-- Activity --
Retype each entry below precisely as it reads.

-- Excerpted data --
----
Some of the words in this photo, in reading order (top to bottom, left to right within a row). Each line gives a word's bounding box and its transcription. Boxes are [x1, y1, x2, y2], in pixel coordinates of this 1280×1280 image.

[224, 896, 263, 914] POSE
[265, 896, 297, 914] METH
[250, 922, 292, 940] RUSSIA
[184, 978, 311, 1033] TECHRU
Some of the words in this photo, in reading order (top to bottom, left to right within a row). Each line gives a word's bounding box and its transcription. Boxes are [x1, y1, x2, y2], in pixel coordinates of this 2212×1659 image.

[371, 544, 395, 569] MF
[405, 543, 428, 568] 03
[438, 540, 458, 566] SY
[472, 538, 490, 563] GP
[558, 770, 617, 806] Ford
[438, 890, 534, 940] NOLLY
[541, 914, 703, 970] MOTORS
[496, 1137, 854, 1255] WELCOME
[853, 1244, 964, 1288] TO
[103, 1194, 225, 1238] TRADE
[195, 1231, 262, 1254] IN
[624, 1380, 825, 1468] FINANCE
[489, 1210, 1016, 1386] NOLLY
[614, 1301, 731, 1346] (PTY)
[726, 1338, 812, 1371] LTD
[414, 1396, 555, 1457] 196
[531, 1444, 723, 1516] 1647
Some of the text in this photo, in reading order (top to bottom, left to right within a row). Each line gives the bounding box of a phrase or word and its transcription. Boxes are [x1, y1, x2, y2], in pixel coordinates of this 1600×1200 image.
----
-- Answer space --
Some of the words in this photo, in reading order (top to bottom, left to right within a row). Each line gives a word's bounding box and its transcription. Boxes are [x1, y1, x2, y2], in pixel coordinates of this 1280×1280 image.

[224, 896, 263, 914] POSE
[265, 896, 297, 914] METH
[250, 922, 292, 940] RUSSIA
[184, 978, 311, 1033] TECHRU
Some of the words in this photo, in reading order (top to bottom, left to right within a row). Each line gives a word's bounding box and its transcription. Boxes are [x1, y1, x2, y2], in pixel coordinates of this 2212×1659 image.

[371, 544, 395, 569] MF
[405, 543, 428, 568] 03
[438, 540, 458, 566] SY
[472, 538, 490, 563] GP
[558, 770, 617, 806] Ford
[438, 890, 534, 940] NOLLY
[541, 914, 703, 970] MOTORS
[496, 1137, 854, 1255] WELCOME
[853, 1244, 964, 1288] TO
[103, 1194, 225, 1238] TRADE
[195, 1231, 262, 1254] IN
[624, 1380, 825, 1468] FINANCE
[489, 1210, 1016, 1386] NOLLY
[614, 1301, 731, 1346] (PTY)
[726, 1338, 812, 1371] LTD
[414, 1396, 555, 1457] 196
[531, 1444, 723, 1516] 1647
Some of the text in this photo, in reading order (top to bottom, left to right within a row). Each line gives the bounding box of a phrase or word and its transcription. Boxes are [x1, y1, x2, y2], in pixel coordinates of this 1600×1200 image.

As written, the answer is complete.